(SOURCE MATERIAL Opens)
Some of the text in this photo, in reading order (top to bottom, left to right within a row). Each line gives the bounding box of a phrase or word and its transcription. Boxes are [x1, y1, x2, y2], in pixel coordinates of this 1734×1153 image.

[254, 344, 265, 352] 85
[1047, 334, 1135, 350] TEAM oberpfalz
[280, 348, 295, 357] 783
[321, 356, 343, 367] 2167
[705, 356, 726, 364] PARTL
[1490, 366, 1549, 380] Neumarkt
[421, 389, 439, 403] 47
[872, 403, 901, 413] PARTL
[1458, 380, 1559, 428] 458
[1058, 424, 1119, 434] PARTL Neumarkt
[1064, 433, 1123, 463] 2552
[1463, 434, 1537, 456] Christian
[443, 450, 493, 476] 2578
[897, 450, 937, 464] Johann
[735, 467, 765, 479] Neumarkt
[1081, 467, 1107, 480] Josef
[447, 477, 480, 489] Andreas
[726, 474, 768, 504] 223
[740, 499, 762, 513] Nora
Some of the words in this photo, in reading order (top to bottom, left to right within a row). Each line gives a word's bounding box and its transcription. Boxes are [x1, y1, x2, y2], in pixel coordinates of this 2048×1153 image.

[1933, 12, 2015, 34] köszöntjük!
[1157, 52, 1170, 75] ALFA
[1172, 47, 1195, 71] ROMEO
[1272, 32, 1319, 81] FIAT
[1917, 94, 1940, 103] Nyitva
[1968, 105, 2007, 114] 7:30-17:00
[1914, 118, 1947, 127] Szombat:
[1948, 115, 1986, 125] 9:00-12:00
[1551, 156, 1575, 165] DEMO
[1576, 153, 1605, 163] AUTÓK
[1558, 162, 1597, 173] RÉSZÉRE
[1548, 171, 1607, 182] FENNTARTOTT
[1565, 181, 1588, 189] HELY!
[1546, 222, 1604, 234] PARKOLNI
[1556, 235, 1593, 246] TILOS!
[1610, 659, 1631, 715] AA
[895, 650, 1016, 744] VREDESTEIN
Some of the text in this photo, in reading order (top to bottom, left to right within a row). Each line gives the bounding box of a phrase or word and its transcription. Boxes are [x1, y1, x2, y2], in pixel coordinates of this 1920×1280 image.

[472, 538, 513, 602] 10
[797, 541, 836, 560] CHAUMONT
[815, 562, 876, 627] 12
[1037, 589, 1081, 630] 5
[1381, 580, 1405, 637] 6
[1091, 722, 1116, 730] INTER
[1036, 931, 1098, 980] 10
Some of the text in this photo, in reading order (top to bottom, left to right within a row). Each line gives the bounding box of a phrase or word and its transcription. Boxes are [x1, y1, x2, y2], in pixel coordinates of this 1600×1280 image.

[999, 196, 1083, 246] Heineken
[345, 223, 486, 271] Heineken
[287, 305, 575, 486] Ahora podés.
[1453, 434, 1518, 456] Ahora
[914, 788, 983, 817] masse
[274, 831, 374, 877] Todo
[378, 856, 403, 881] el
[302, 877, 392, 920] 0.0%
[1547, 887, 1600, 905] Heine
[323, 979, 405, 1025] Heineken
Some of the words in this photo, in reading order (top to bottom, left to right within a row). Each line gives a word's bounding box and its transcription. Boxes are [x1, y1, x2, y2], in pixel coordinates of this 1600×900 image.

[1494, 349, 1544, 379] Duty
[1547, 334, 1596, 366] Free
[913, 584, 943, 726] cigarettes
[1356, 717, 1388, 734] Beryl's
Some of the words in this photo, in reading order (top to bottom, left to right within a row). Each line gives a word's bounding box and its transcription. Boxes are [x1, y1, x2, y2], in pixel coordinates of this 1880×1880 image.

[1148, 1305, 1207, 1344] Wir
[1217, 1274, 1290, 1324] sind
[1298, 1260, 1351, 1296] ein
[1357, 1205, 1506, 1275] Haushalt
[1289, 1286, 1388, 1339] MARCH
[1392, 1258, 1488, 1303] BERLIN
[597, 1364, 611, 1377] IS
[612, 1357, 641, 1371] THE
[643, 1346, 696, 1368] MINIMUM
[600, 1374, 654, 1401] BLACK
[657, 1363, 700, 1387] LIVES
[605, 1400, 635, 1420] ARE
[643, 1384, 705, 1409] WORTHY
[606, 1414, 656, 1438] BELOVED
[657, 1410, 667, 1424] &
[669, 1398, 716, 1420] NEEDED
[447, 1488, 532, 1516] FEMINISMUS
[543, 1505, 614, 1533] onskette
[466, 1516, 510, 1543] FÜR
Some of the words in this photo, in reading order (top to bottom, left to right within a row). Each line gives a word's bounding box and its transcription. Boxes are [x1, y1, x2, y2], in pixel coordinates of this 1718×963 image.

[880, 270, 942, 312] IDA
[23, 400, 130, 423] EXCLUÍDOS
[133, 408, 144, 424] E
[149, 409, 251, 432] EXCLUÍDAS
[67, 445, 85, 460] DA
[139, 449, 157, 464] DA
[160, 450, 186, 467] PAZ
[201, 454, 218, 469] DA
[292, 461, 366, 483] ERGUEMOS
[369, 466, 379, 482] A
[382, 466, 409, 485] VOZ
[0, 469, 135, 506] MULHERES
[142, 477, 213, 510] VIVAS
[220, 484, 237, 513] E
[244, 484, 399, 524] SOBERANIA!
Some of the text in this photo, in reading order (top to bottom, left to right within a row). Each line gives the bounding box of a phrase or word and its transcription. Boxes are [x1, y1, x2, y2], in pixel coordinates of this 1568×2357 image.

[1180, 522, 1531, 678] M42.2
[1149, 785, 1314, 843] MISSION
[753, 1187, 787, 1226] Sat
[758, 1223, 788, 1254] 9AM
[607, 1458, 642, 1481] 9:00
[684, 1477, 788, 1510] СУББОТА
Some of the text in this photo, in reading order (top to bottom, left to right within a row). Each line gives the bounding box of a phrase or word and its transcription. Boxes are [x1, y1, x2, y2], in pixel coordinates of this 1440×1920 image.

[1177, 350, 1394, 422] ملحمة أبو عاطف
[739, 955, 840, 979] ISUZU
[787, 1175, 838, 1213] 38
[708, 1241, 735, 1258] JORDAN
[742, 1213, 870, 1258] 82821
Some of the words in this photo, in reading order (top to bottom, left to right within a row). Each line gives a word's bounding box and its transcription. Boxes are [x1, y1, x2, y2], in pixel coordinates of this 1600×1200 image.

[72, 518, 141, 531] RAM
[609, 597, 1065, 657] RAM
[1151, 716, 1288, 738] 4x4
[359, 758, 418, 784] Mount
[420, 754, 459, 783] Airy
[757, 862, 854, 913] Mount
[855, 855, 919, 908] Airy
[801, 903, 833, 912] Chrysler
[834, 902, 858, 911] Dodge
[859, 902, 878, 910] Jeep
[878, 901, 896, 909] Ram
(SOURCE MATERIAL Closes)
WORK INSTRUCTIONS — Transcribe every record above word for word.

OUTPUT FOR THIS TASK —
Some of the text in this photo, in reading order (top to bottom, left to right within a row). Each line gives the bounding box of a phrase or word and its transcription. Boxes are [x1, y1, x2, y2], in pixel coordinates of this 1734×1153 image.

[254, 344, 265, 352] 85
[1047, 334, 1135, 350] TEAM oberpfalz
[280, 348, 295, 357] 783
[321, 356, 343, 367] 2167
[705, 356, 726, 364] PARTL
[1490, 366, 1549, 380] Neumarkt
[421, 389, 439, 403] 47
[872, 403, 901, 413] PARTL
[1458, 380, 1559, 428] 458
[1058, 424, 1119, 434] PARTL Neumarkt
[1064, 433, 1123, 463] 2552
[1463, 434, 1537, 456] Christian
[443, 450, 493, 476] 2578
[897, 450, 937, 464] Johann
[735, 467, 765, 479] Neumarkt
[1081, 467, 1107, 480] Josef
[447, 477, 480, 489] Andreas
[726, 474, 768, 504] 223
[740, 499, 762, 513] Nora
Some of the words in this photo, in reading order (top to bottom, left to right within a row). Each line gives a word's bounding box and its transcription. Boxes are [x1, y1, x2, y2], in pixel coordinates of this 2048×1153 image.

[1933, 12, 2015, 34] köszöntjük!
[1157, 52, 1170, 75] ALFA
[1172, 47, 1195, 71] ROMEO
[1272, 32, 1319, 81] FIAT
[1917, 94, 1940, 103] Nyitva
[1968, 105, 2007, 114] 7:30-17:00
[1914, 118, 1947, 127] Szombat:
[1948, 115, 1986, 125] 9:00-12:00
[1551, 156, 1575, 165] DEMO
[1576, 153, 1605, 163] AUTÓK
[1558, 162, 1597, 173] RÉSZÉRE
[1548, 171, 1607, 182] FENNTARTOTT
[1565, 181, 1588, 189] HELY!
[1546, 222, 1604, 234] PARKOLNI
[1556, 235, 1593, 246] TILOS!
[1610, 659, 1631, 715] AA
[895, 650, 1016, 744] VREDESTEIN
Some of the text in this photo, in reading order (top to bottom, left to right within a row). Each line gives the bounding box of a phrase or word and its transcription. Boxes are [x1, y1, x2, y2], in pixel coordinates of this 1920×1280 image.

[472, 538, 513, 602] 10
[797, 541, 836, 560] CHAUMONT
[815, 562, 876, 627] 12
[1037, 589, 1081, 630] 5
[1381, 580, 1405, 637] 6
[1091, 722, 1116, 730] INTER
[1036, 931, 1098, 980] 10
Some of the text in this photo, in reading order (top to bottom, left to right within a row). Each line gives the bounding box of a phrase or word and its transcription. Boxes are [x1, y1, x2, y2], in pixel coordinates of this 1600×1280 image.

[999, 196, 1083, 246] Heineken
[345, 223, 486, 271] Heineken
[287, 305, 575, 486] Ahora podés.
[1453, 434, 1518, 456] Ahora
[914, 788, 983, 817] masse
[274, 831, 374, 877] Todo
[378, 856, 403, 881] el
[302, 877, 392, 920] 0.0%
[1547, 887, 1600, 905] Heine
[323, 979, 405, 1025] Heineken
Some of the words in this photo, in reading order (top to bottom, left to right within a row). Each line gives a word's bounding box and its transcription. Boxes are [x1, y1, x2, y2], in pixel coordinates of this 1600×900 image.

[1494, 349, 1544, 379] Duty
[1547, 334, 1596, 366] Free
[913, 584, 943, 726] cigarettes
[1356, 717, 1388, 734] Beryl's
Some of the words in this photo, in reading order (top to bottom, left to right within a row). Each line gives a word's bounding box and its transcription. Boxes are [x1, y1, x2, y2], in pixel coordinates of this 1880×1880 image.

[1148, 1305, 1207, 1344] Wir
[1217, 1274, 1290, 1324] sind
[1298, 1260, 1351, 1296] ein
[1357, 1205, 1506, 1275] Haushalt
[1289, 1286, 1388, 1339] MARCH
[1392, 1258, 1488, 1303] BERLIN
[597, 1364, 611, 1377] IS
[612, 1357, 641, 1371] THE
[643, 1346, 696, 1368] MINIMUM
[600, 1374, 654, 1401] BLACK
[657, 1363, 700, 1387] LIVES
[605, 1400, 635, 1420] ARE
[643, 1384, 705, 1409] WORTHY
[606, 1414, 656, 1438] BELOVED
[657, 1410, 667, 1424] &
[669, 1398, 716, 1420] NEEDED
[447, 1488, 532, 1516] FEMINISMUS
[543, 1505, 614, 1533] onskette
[466, 1516, 510, 1543] FÜR
Some of the words in this photo, in reading order (top to bottom, left to right within a row). Each line gives a word's bounding box and its transcription. Boxes are [x1, y1, x2, y2], in pixel coordinates of this 1718×963 image.

[880, 270, 942, 312] IDA
[23, 400, 130, 423] EXCLUÍDOS
[133, 408, 144, 424] E
[149, 409, 251, 432] EXCLUÍDAS
[67, 445, 85, 460] DA
[139, 449, 157, 464] DA
[160, 450, 186, 467] PAZ
[201, 454, 218, 469] DA
[292, 461, 366, 483] ERGUEMOS
[369, 466, 379, 482] A
[382, 466, 409, 485] VOZ
[0, 469, 135, 506] MULHERES
[142, 477, 213, 510] VIVAS
[220, 484, 237, 513] E
[244, 484, 399, 524] SOBERANIA!
Some of the text in this photo, in reading order (top to bottom, left to right within a row). Each line gives the bounding box of a phrase or word and its transcription. Boxes are [x1, y1, x2, y2], in pixel coordinates of this 1568×2357 image.

[1180, 522, 1531, 678] M42.2
[1149, 785, 1314, 843] MISSION
[753, 1187, 787, 1226] Sat
[758, 1223, 788, 1254] 9AM
[607, 1458, 642, 1481] 9:00
[684, 1477, 788, 1510] СУББОТА
Some of the text in this photo, in reading order (top to bottom, left to right within a row). Each line gives the bounding box of a phrase or word and its transcription. Boxes are [x1, y1, x2, y2], in pixel coordinates of this 1440×1920 image.

[1177, 350, 1394, 422] ملحمة أبو عاطف
[739, 955, 840, 979] ISUZU
[787, 1175, 838, 1213] 38
[708, 1241, 735, 1258] JORDAN
[742, 1213, 870, 1258] 82821
Some of the words in this photo, in reading order (top to bottom, left to right within a row). Each line gives a word's bounding box and its transcription. Boxes are [x1, y1, x2, y2], in pixel coordinates of this 1600×1200 image.

[72, 518, 141, 531] RAM
[609, 597, 1065, 657] RAM
[1151, 716, 1288, 738] 4x4
[359, 758, 418, 784] Mount
[420, 754, 459, 783] Airy
[757, 862, 854, 913] Mount
[855, 855, 919, 908] Airy
[801, 903, 833, 912] Chrysler
[834, 902, 858, 911] Dodge
[859, 902, 878, 910] Jeep
[878, 901, 896, 909] Ram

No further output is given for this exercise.